The most common misconception is that robots.txt prevents indexing. It only controls crawling; use a noindex meta tag to keep pages out of search results.
The correct placement for robots.txt depends on your setup: place it in the app/ directory for the App Router or the public/ directory for the Pages Router.
A standard robots.txt for Next.js should disallow internal paths like /api/ and /_next/ to optimize your site's crawl budget.
For complex technical SEO challenges, Synscribe's Technical SEO Audit & Implementation service provides hands-on engineering expertise to ensure your site is perfectly optimized.
If you've ever struggled with configuring robots.txt for your Next.js application, you're not alone. Many developers find themselves confused about where to place the file, what to include, and whether to use a static or dynamic approach. This confusion can lead to search engine optimization (SEO) issues that affect your site's visibility and performance.
In this comprehensive guide, we'll demystify robots.txt implementation for Next.js applications and provide you with everything you need to properly configure and test your setup.
A robots.txt file provides instructions to web crawlers (like Googlebot) about which pages or files on your site they can or cannot access. Based on the Robots Exclusion Protocol (REP), which became an official internet standard in 2022 but has been in use since 1994, this simple text file sits at the root of your website.
For example, a basic robots.txt file might look like this:
User-agent: *
Allow: /
Disallow: /private/ The main purpose of robots.txt is to manage crawler traffic and prevent your server from being overwhelmed with requests. However, it's crucial to understand that robots.txt is not a security mechanism. It cannot be used to hide private information, as it's merely a set of suggestions that well-behaved crawlers follow.

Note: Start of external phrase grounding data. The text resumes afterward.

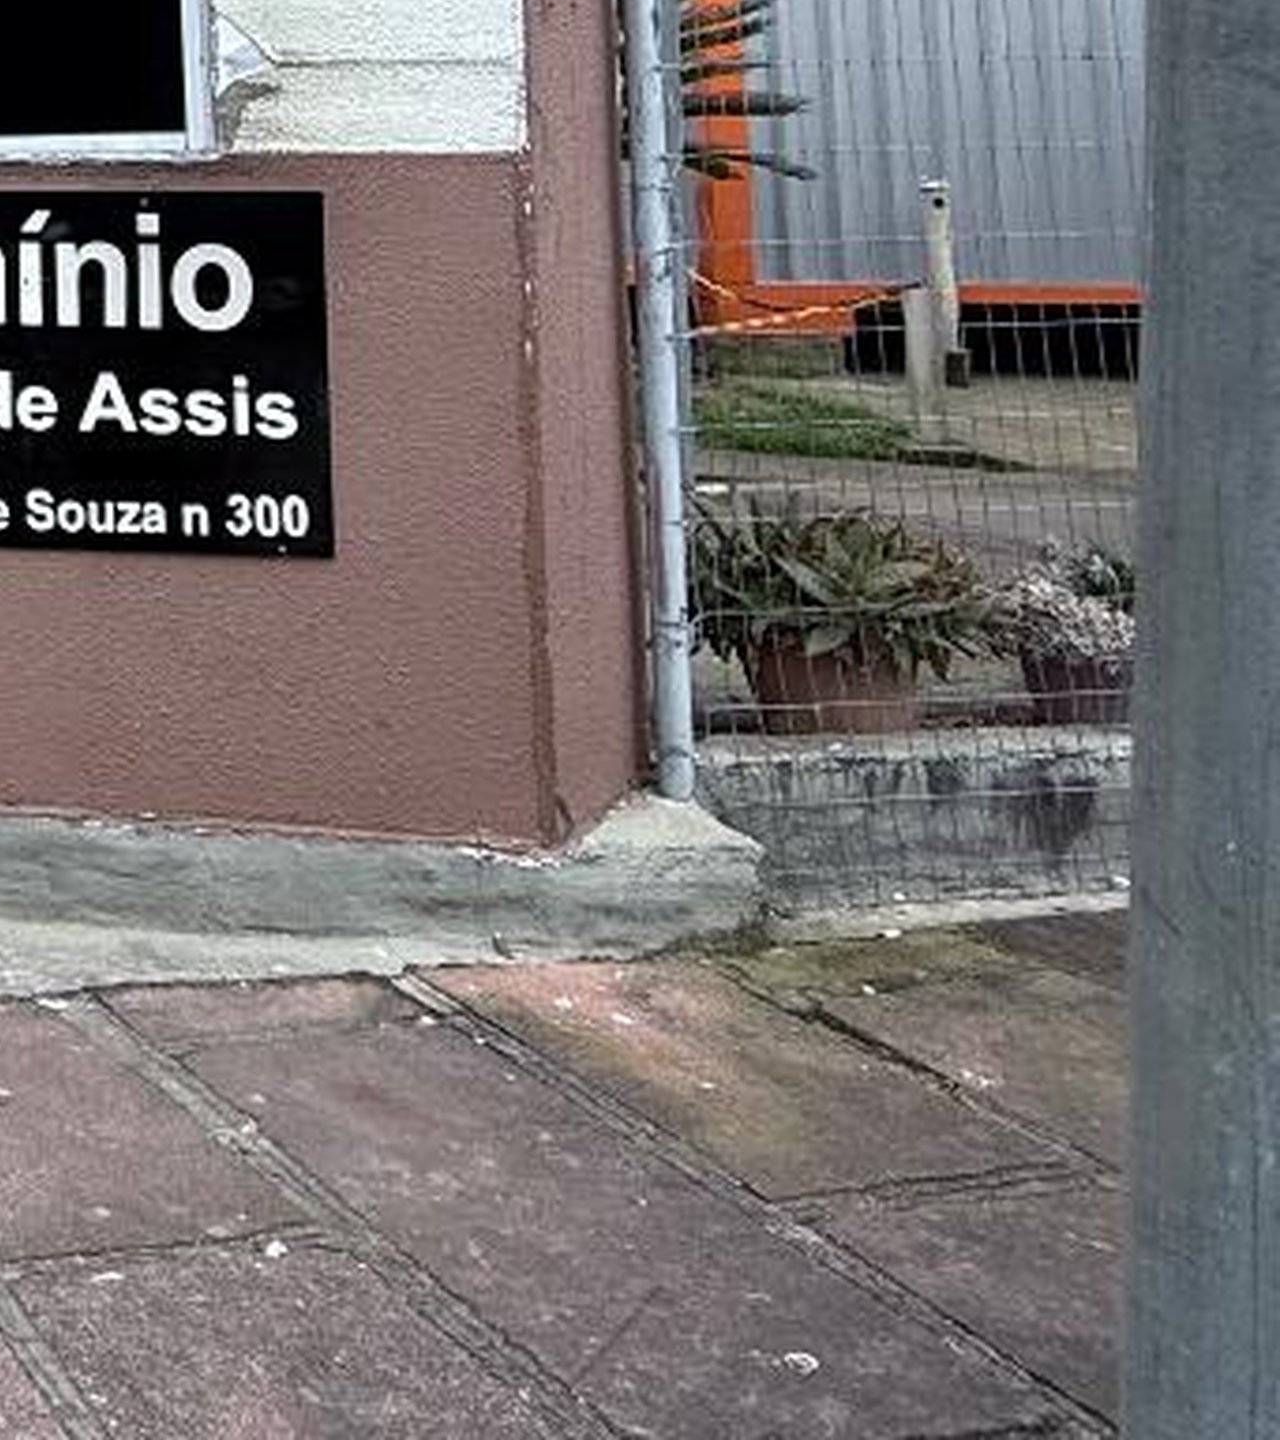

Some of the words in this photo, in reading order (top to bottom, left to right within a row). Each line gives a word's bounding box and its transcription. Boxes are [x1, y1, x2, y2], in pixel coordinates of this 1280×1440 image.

[79, 373, 298, 439] Assis
[27, 490, 166, 533] Souza
[182, 505, 208, 535] n
[226, 494, 309, 537] 300
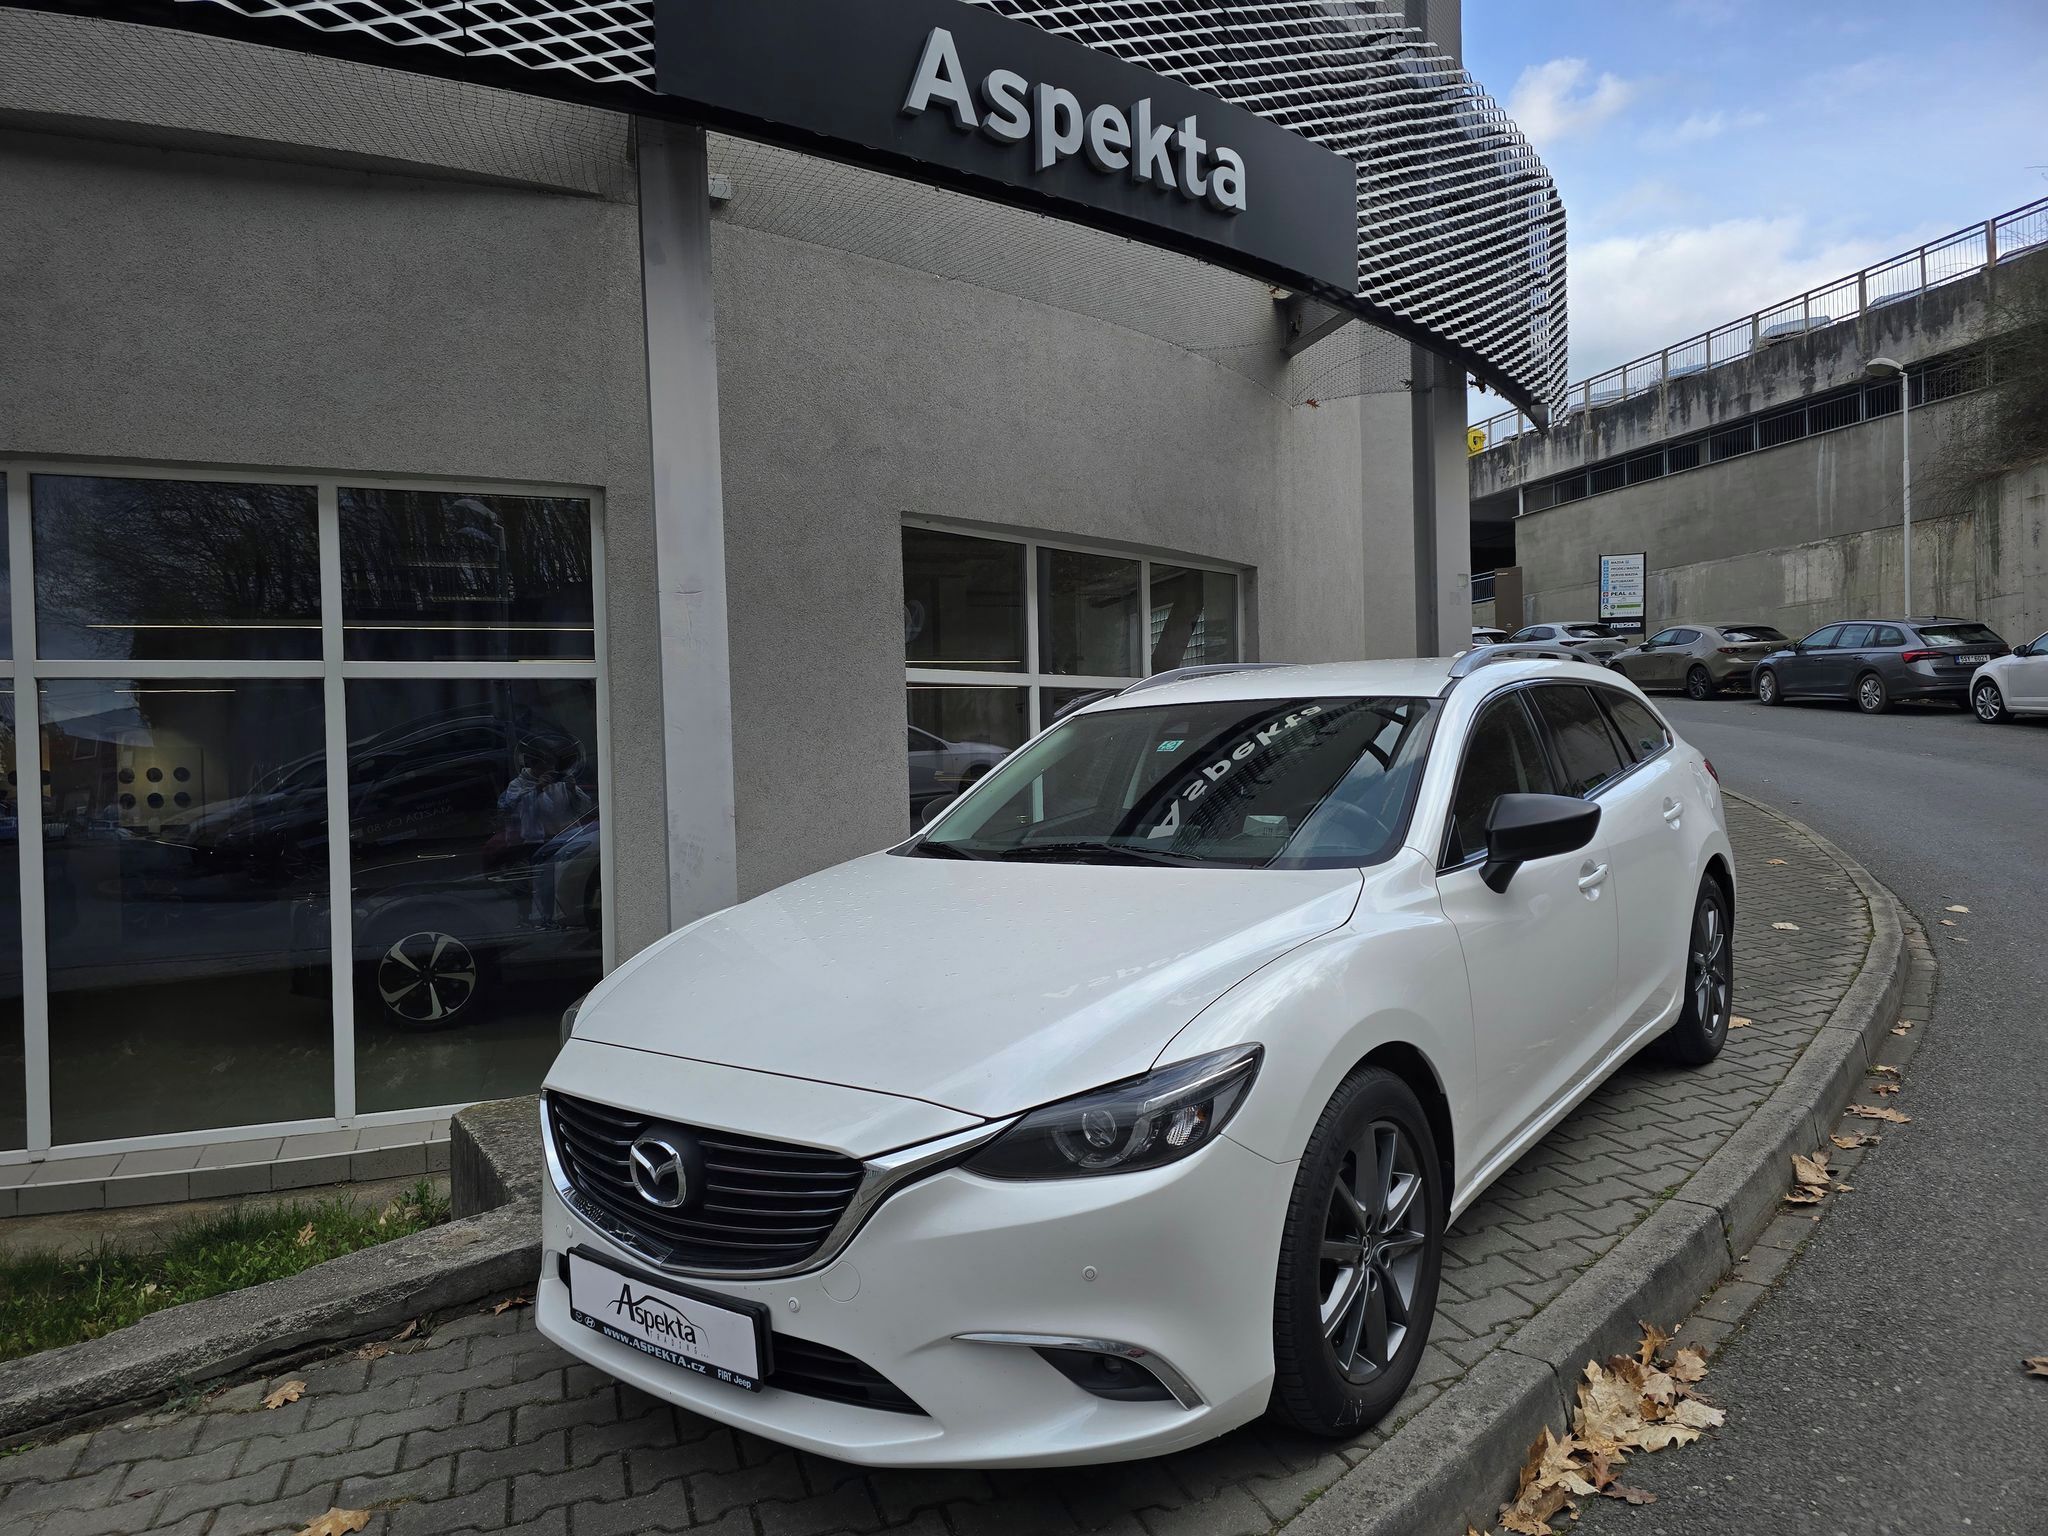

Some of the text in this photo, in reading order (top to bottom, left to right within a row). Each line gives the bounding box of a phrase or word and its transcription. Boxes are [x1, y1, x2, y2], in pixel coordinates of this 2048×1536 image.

One of the most common misconceptions is that disallowing a page in robots.txt prevents it from appearing in search results. This is incorrect. A page disallowed in robots.txt can still be indexed if linked from other sites.

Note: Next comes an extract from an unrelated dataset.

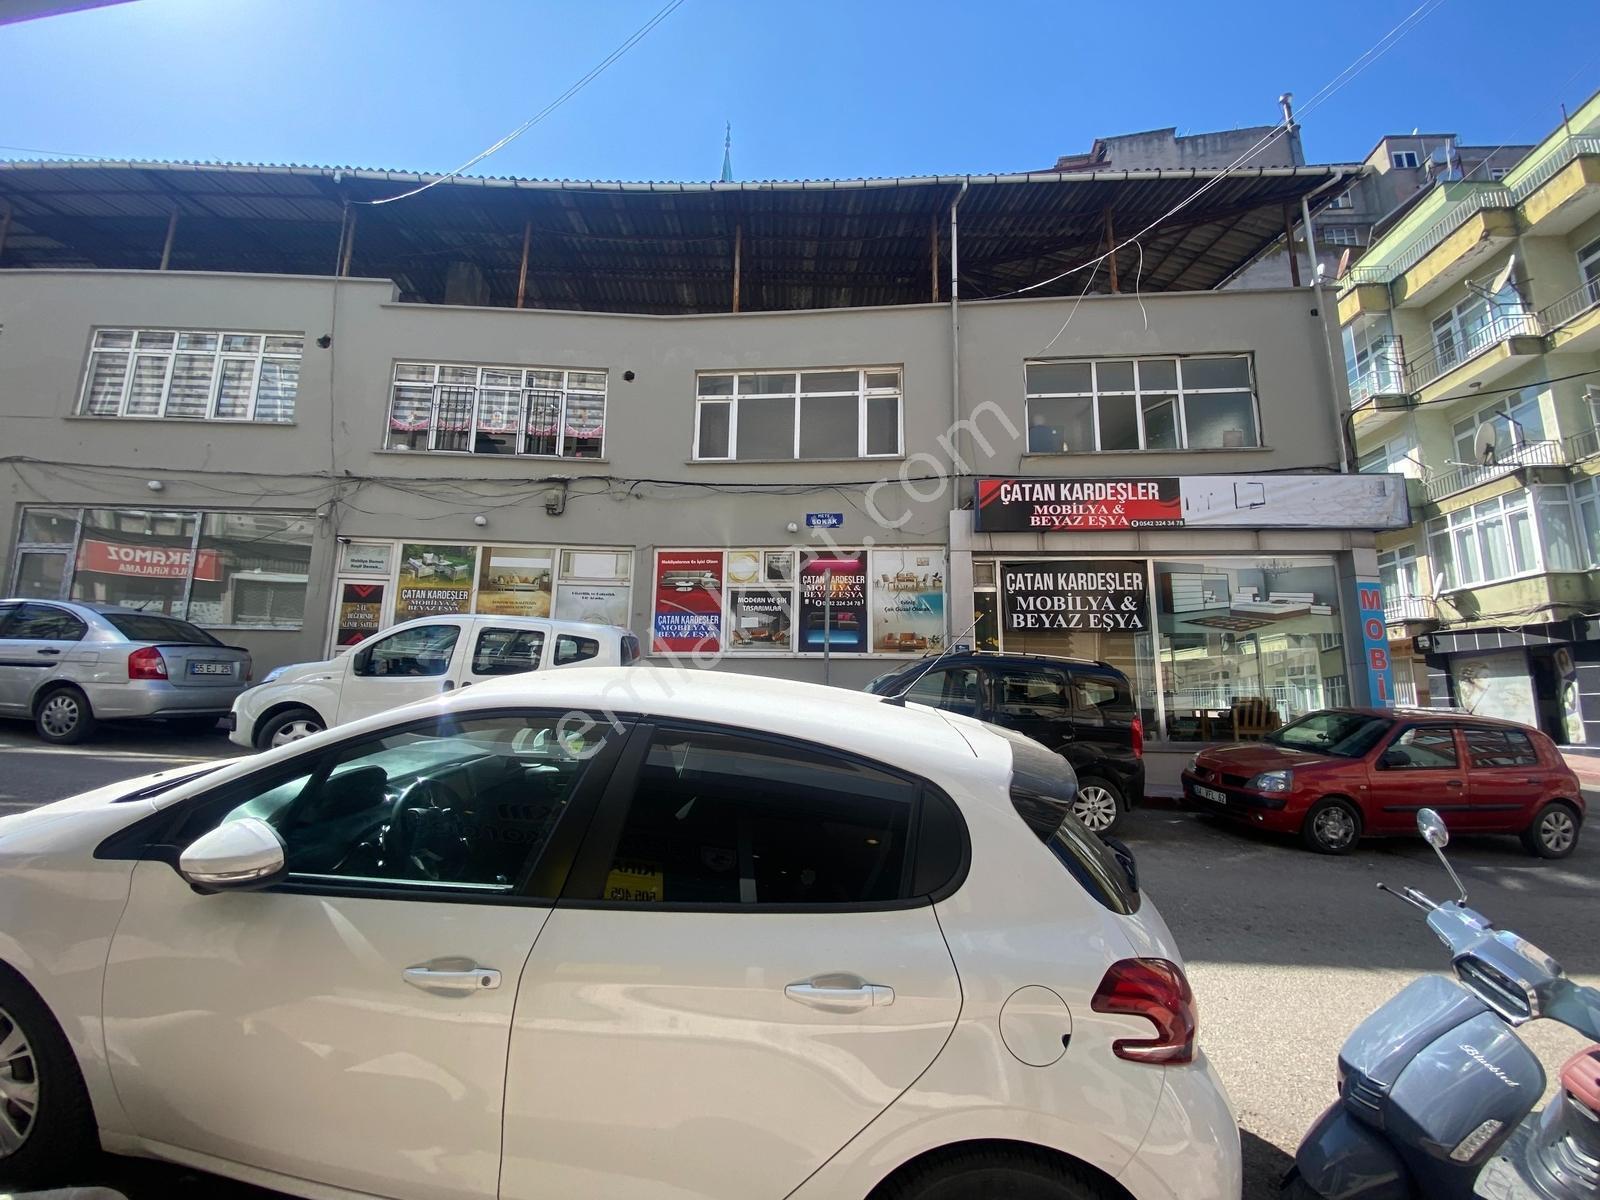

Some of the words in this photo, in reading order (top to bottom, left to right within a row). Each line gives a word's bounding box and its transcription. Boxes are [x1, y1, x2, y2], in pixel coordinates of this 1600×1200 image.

To prevent a page from being indexed (appearing in search results), you must use:
A noindex meta tag in the page's HTML
HTTP response headers with X-Robots-Tag: noindex
Password protection
Remember: robots.txt controls crawling, not indexing.

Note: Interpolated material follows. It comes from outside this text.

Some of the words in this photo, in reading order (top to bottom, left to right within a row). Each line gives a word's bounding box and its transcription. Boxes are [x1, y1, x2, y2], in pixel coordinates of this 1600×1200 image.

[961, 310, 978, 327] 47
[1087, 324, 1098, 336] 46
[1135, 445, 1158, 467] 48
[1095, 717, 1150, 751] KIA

You might wonder if robots.txt is still necessary when tools like Google Search Console exist for submitting sitemaps. The answer is yes, for several important reasons:
Search engines allocate a limited "crawl budget" to your site. With robots.txt, you can guide crawlers to prioritize your most important pages (like service pages for conversions) and avoid wasting this budget on non-essential pages.
You can use robots.txt to block crawling of URLs with parameters that might generate duplicate content, such as:
User-agent: *
Disallow: /*?* robots.txt helps prevent indexing of certain resources that you don't want appearing in search results, such as backend API endpoints or admin panels.
One of the most confusing aspects of robots.txt in Next.js is determining where to place the file. The correct method depends on your Next.js version (App Router vs. Pages Router) and whether you need static or dynamic content.
For most websites, a static robots.txt file is sufficient and easier to maintain.
Create a file named robots.txt directly in the app/ directory. Next.js will automatically serve it from the root.
Example app/robots.txt:
User-agent: *
Allow: /
Disallow: /private/
Sitemap: https://acme.com/sitemap.xml Create a file named robots.txt in the public/ directory. Any file in this directory is served statically from the root.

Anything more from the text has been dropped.